======== DATA FOR THIS EXERCISE

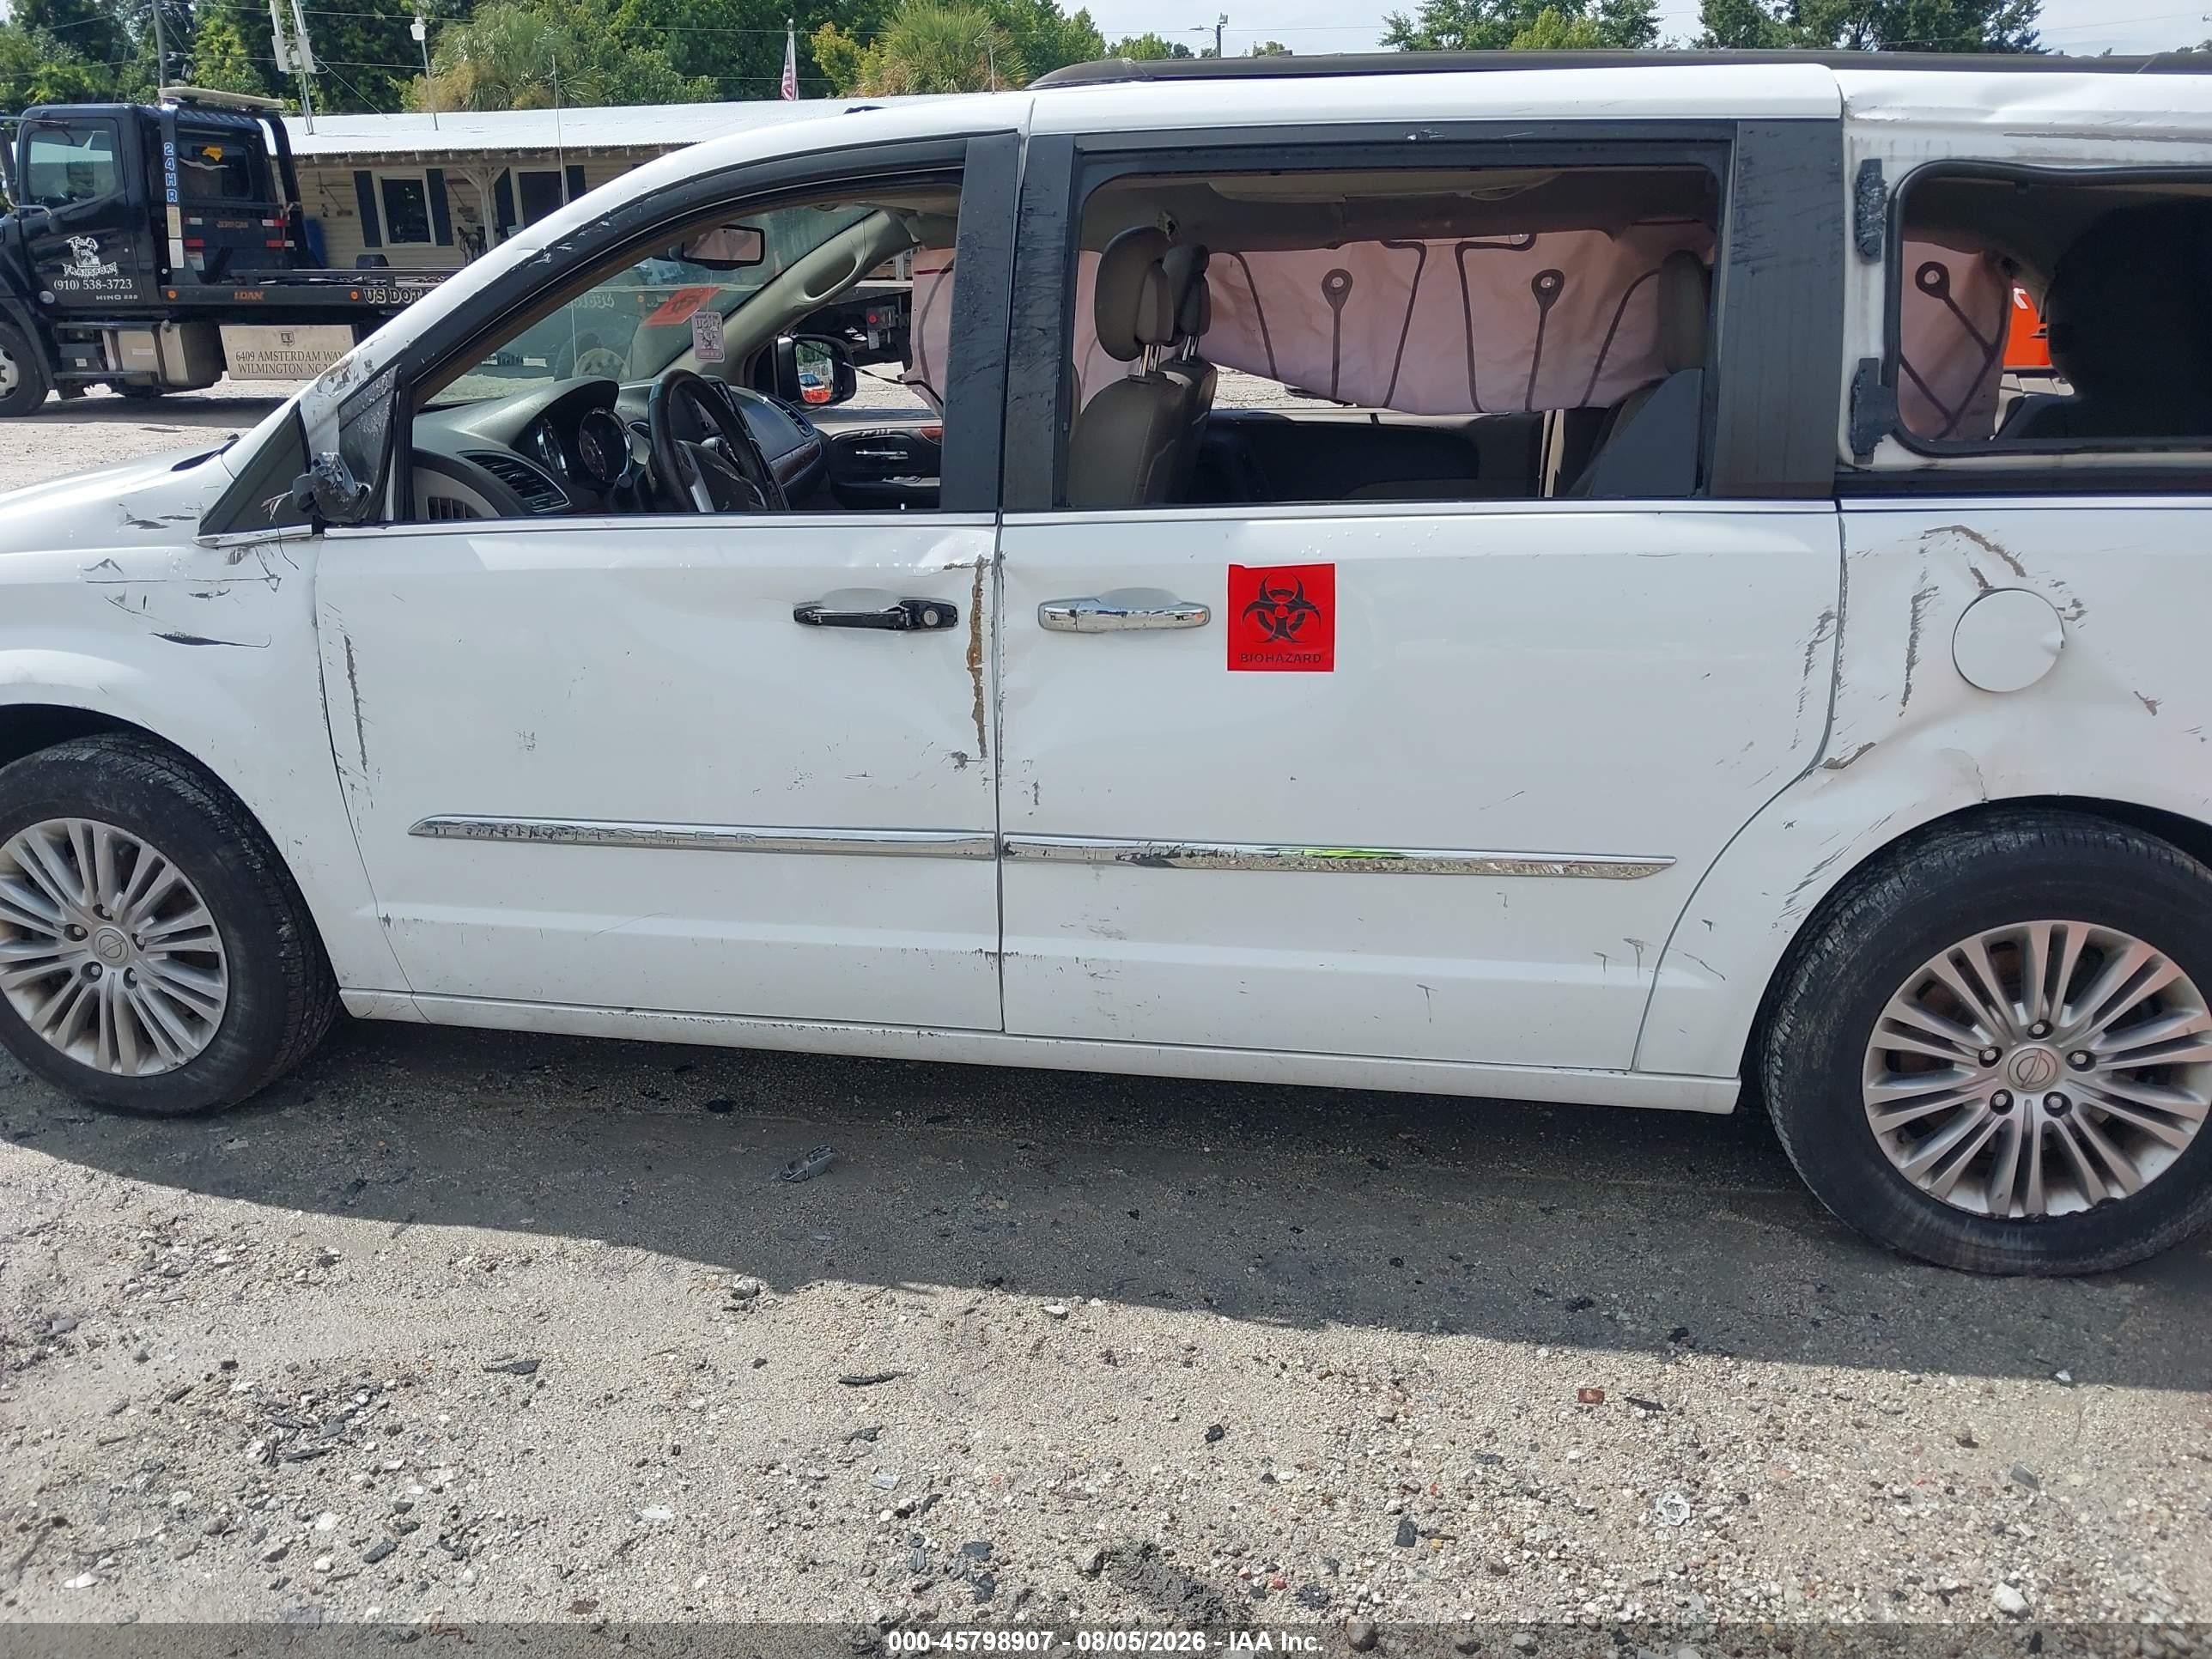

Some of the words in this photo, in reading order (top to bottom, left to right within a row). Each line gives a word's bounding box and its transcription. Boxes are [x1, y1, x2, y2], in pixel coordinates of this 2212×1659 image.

[61, 261, 118, 277] TRANSPORT
[53, 279, 79, 290] (910)
[82, 278, 132, 290] 538-3723
[363, 288, 386, 304] US
[389, 288, 423, 304] DOT
[235, 351, 255, 362] 6409
[258, 350, 321, 362] AMSTERDAM
[322, 350, 344, 362] WAY
[238, 363, 303, 374] WILMINGTON
[308, 363, 323, 374] NC
[1240, 653, 1322, 664] BIOHAZARD
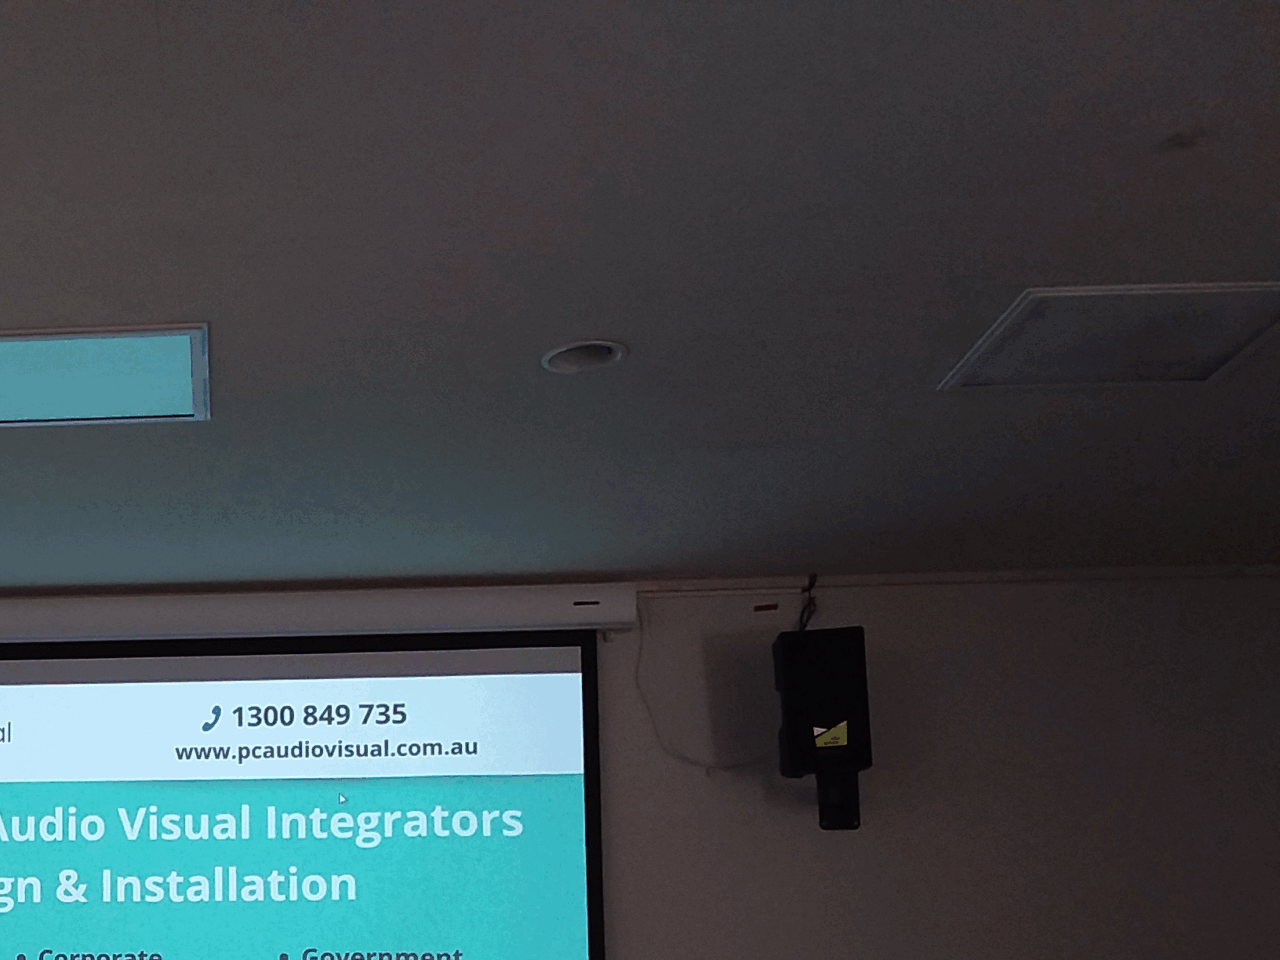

================

**TASK DETAILS**
Print each entry above exactly. The pictures should not be printed.

**ANSWER TO THIS PROBLEM**
Some of the words in this photo, in reading order (top to bottom, left to right within a row). Each line gives a word's bounding box and its transcription. Boxes are [x1, y1, x2, y2], in pixel coordinates of this 2212×1659 image.

[61, 261, 118, 277] TRANSPORT
[53, 279, 79, 290] (910)
[82, 278, 132, 290] 538-3723
[363, 288, 386, 304] US
[389, 288, 423, 304] DOT
[235, 351, 255, 362] 6409
[258, 350, 321, 362] AMSTERDAM
[322, 350, 344, 362] WAY
[238, 363, 303, 374] WILMINGTON
[308, 363, 323, 374] NC
[1240, 653, 1322, 664] BIOHAZARD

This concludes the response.